Instructions to follow: Without the pictures, set down the records below word for word.

Data provided:
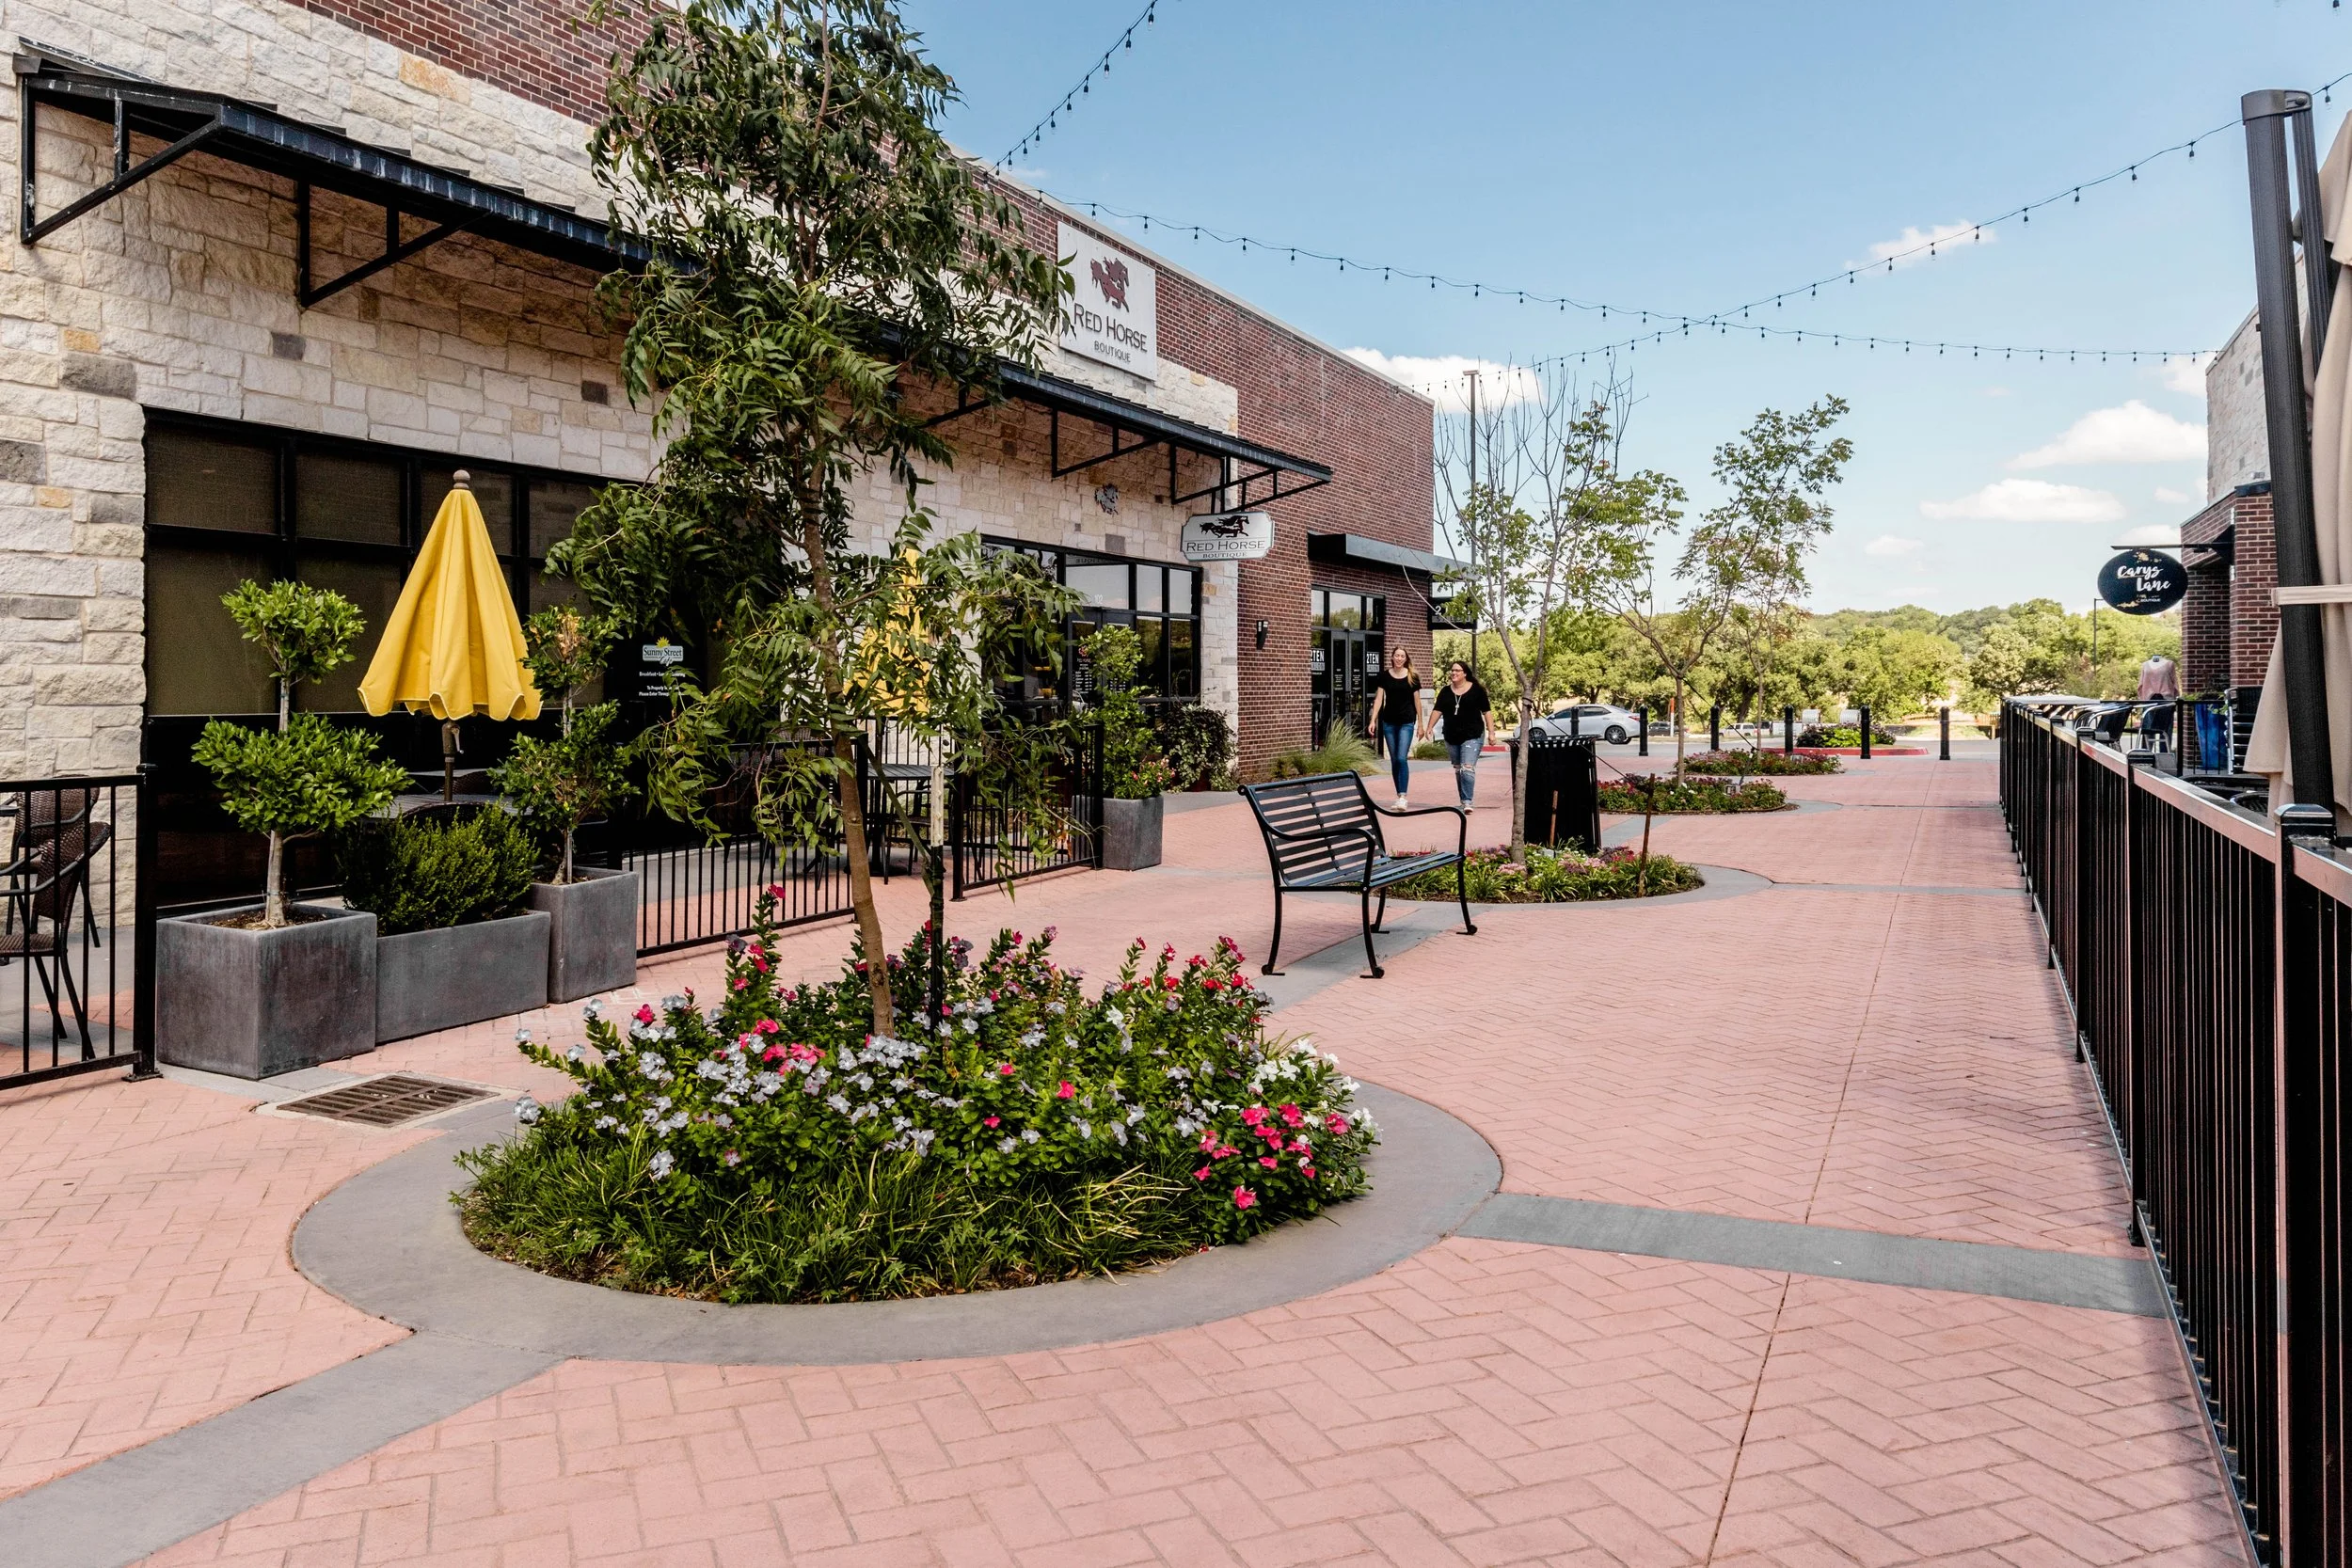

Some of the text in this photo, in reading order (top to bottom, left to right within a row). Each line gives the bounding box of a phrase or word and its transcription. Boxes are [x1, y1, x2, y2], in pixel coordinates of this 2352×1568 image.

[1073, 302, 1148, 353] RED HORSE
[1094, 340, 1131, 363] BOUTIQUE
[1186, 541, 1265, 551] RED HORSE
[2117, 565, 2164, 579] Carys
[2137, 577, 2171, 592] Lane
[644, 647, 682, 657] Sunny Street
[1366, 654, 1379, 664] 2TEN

Result of this task:
Some of the text in this photo, in reading order (top to bottom, left to right within a row). Each line gives the bounding box of a phrase or word and its transcription. Boxes are [x1, y1, x2, y2], in pixel coordinates of this 2352×1568 image.

[1073, 302, 1148, 353] RED HORSE
[1094, 340, 1131, 363] BOUTIQUE
[1186, 541, 1265, 551] RED HORSE
[2117, 565, 2164, 579] Carys
[2137, 577, 2171, 592] Lane
[644, 647, 682, 657] Sunny Street
[1366, 654, 1379, 664] 2TEN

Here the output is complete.